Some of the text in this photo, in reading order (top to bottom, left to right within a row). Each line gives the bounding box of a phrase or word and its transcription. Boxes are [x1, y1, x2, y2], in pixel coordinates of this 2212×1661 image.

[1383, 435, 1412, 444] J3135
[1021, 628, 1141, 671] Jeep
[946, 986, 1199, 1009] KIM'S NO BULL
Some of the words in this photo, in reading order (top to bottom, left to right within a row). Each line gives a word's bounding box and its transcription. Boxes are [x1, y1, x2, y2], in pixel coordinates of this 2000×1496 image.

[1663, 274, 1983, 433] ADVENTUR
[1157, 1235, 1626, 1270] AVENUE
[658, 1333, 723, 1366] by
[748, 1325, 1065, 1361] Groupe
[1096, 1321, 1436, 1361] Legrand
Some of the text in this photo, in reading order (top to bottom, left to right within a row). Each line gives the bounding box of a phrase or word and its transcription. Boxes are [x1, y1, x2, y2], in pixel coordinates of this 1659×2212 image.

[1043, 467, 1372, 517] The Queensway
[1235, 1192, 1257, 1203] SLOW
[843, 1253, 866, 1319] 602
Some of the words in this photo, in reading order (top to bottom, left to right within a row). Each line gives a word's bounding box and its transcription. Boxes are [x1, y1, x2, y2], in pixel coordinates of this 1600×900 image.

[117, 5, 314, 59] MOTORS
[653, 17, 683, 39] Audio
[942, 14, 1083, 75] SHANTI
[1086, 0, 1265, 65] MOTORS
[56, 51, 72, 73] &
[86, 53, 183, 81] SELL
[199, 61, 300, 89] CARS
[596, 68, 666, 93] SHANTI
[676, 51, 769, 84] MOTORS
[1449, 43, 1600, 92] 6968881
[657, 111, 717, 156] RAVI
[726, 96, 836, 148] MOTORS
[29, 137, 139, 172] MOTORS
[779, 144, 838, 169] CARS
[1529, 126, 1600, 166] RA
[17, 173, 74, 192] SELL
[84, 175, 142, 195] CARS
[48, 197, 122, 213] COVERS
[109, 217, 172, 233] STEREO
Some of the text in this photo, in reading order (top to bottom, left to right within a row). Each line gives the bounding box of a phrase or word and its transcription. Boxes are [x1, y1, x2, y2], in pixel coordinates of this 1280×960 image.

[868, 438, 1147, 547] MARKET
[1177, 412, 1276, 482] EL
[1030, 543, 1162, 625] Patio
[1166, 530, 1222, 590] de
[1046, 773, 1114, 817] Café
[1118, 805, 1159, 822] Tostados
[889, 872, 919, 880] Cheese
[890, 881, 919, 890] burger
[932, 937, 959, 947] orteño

:::

▶ _Activity_: Write the data above out again in full, with every word as given.

▶ _Solved exercise_:
Some of the text in this photo, in reading order (top to bottom, left to right within a row). Each line gives the bounding box of a phrase or word and its transcription. Boxes are [x1, y1, x2, y2], in pixel coordinates of this 2212×1661 image.

[1383, 435, 1412, 444] J3135
[1021, 628, 1141, 671] Jeep
[946, 986, 1199, 1009] KIM'S NO BULL
Some of the words in this photo, in reading order (top to bottom, left to right within a row). Each line gives a word's bounding box and its transcription. Boxes are [x1, y1, x2, y2], in pixel coordinates of this 2000×1496 image.

[1663, 274, 1983, 433] ADVENTUR
[1157, 1235, 1626, 1270] AVENUE
[658, 1333, 723, 1366] by
[748, 1325, 1065, 1361] Groupe
[1096, 1321, 1436, 1361] Legrand
Some of the text in this photo, in reading order (top to bottom, left to right within a row). Each line gives the bounding box of a phrase or word and its transcription. Boxes are [x1, y1, x2, y2], in pixel coordinates of this 1659×2212 image.

[1043, 467, 1372, 517] The Queensway
[1235, 1192, 1257, 1203] SLOW
[843, 1253, 866, 1319] 602
Some of the words in this photo, in reading order (top to bottom, left to right within a row). Each line gives a word's bounding box and its transcription. Boxes are [x1, y1, x2, y2], in pixel coordinates of this 1600×900 image.

[117, 5, 314, 59] MOTORS
[653, 17, 683, 39] Audio
[942, 14, 1083, 75] SHANTI
[1086, 0, 1265, 65] MOTORS
[56, 51, 72, 73] &
[86, 53, 183, 81] SELL
[199, 61, 300, 89] CARS
[596, 68, 666, 93] SHANTI
[676, 51, 769, 84] MOTORS
[1449, 43, 1600, 92] 6968881
[657, 111, 717, 156] RAVI
[726, 96, 836, 148] MOTORS
[29, 137, 139, 172] MOTORS
[779, 144, 838, 169] CARS
[1529, 126, 1600, 166] RA
[17, 173, 74, 192] SELL
[84, 175, 142, 195] CARS
[48, 197, 122, 213] COVERS
[109, 217, 172, 233] STEREO
Some of the text in this photo, in reading order (top to bottom, left to right within a row). Each line gives the bounding box of a phrase or word and its transcription. Boxes are [x1, y1, x2, y2], in pixel coordinates of this 1280×960 image.

[868, 438, 1147, 547] MARKET
[1177, 412, 1276, 482] EL
[1030, 543, 1162, 625] Patio
[1166, 530, 1222, 590] de
[1046, 773, 1114, 817] Café
[1118, 805, 1159, 822] Tostados
[889, 872, 919, 880] Cheese
[890, 881, 919, 890] burger
[932, 937, 959, 947] orteño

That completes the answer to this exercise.